Что маленький мальчик может понять в этой страстной речи, произнесённой тихим грубым голосом? Разве может прочувствовать глубину будущих потерь? Я не смог. И ещё Мастер сказал, что у меня нет выбора. Он много чего говорил на протяжении десяти лет, но в одном оказался прав, - я стал Никем. Ни друзей, ни возлюбленной, ни имени. Бедный Мастер…

Он сказал: "Взамен я подарю тебе мир волшебства и грёз. Ты, будущий вершитель судеб! Тебе подвластно всё!" Бедный Мастер…
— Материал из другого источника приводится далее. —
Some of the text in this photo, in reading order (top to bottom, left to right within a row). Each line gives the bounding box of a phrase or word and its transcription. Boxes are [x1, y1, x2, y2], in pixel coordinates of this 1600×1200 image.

С какой бы радостью, я сейчас закричал тому пятилетнему мальчику: "Беги! Не слушай его речи!", но время не повернуть вспять. Моя жизнь теперь эта дорога. Грязь липнет к ногам, забивается в складки одежды, ветер режет лицо ледяными каплями. Тёмно-свинцовые тучи нависли над покосившимися домиками, вжимая их в жижу грязной слякоти и пряча обитателей за пеленой дождя и стен. Я подхожу к таверне; убогое, двухэтажное строение с плоской как блин крышей. Из конуры тявкнула шавка, поленившись выскочить в дождливую ночь и как следует облаять незваного прохожего. В конюшне фыркнула, обеспокоено затопталась лошадь, почуяв чужака. Я толкнул дверь и, пригнувшись под притолокой, вошёл в зал. Моя промокшая, озябшая фигура, закутанная в поношенный плащ, пристроилась за столом, избегая косых, любопытных взглядов.
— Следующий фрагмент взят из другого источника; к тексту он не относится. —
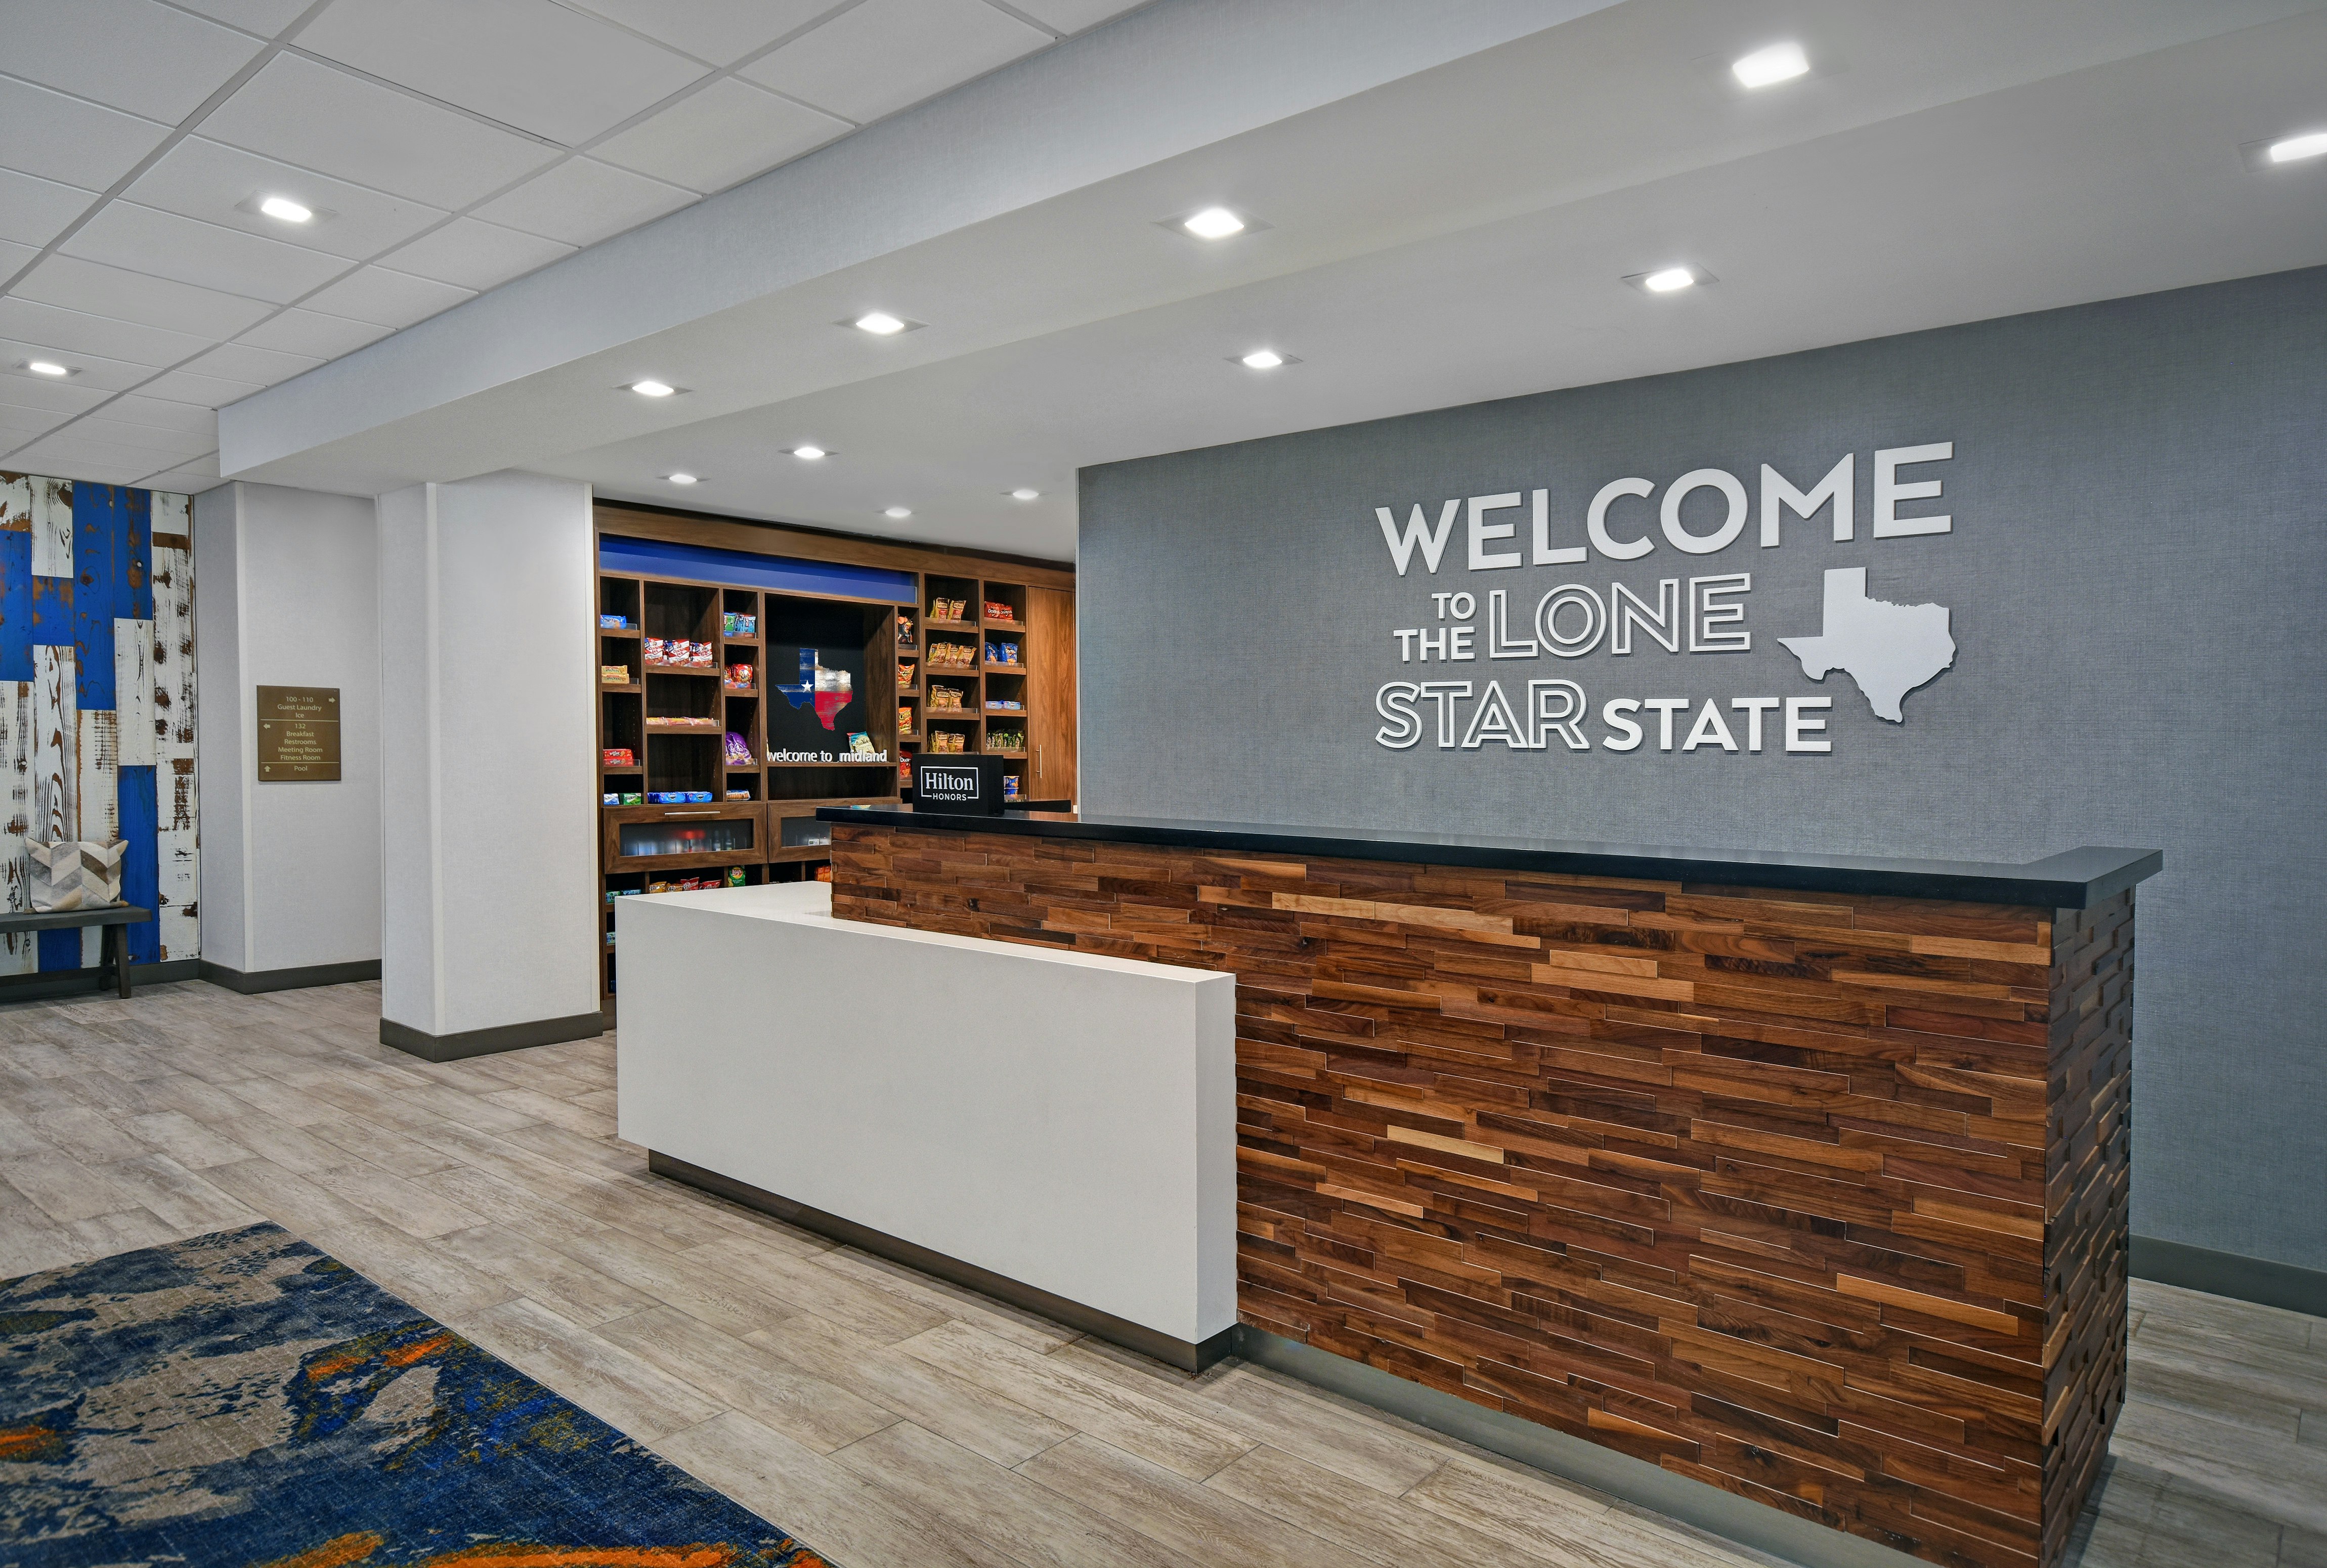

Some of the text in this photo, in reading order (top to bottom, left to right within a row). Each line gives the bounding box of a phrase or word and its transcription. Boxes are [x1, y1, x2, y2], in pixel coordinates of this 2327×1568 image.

[1375, 442, 1954, 576] WELCOME
[1432, 592, 1476, 620] TO
[1488, 573, 1752, 659] LONE
[1393, 626, 1475, 662] THE
[1375, 679, 1832, 752] STAR STATE
[766, 748, 887, 762] welcome to midland
[925, 772, 974, 791] Hilton
[932, 793, 967, 801] HONORS
-Тебя будут уважать и бояться! - сказал пятилетнему ребёнку Мастер. Тут ты ошибся, мой дорогой учитель: бояться, да, но уважать… Я не вижу уважения в глазах толстого трактирщика. В них мечется беспокойство. Его расчётливый, натренированный ум с завидной чёткостью просчитывает последствия моего появления. Просто непостижимо как все с лёгкостью догадываются, кто я. Должно быть всё дело в проклятье. Проклятых и прокажённых видно за версту.

- Ты с ним? - спросил меня трактирщик, кивнув на богато одетого чёрного человека в углу. В голосе слышится надежда, круглые глаза подталкивают к правильному ответу. Я спешу разочаровать хозяина.

- Нет. Он сам по себе, - отвечаю я. Посмотрев на сарацина, сглатываю подкатившую к горлу голодную слюну. Чёрные, мускулистые руки с лёгкостью разломили зажаренную утку. Брызнул сок, смешиваясь с капавшим жиром. Мой ответ окончательно понизил меня в глазах трактирщика, но он ещё не теряет надежды.

- Деньги-то есть?

Я отцепил от пояса мешочек и непослушными, окоченевшими пальцами достаю два медяка.

- Хватит?

- Не густо. Могу предложить кружку вина и ночлег на конюшне.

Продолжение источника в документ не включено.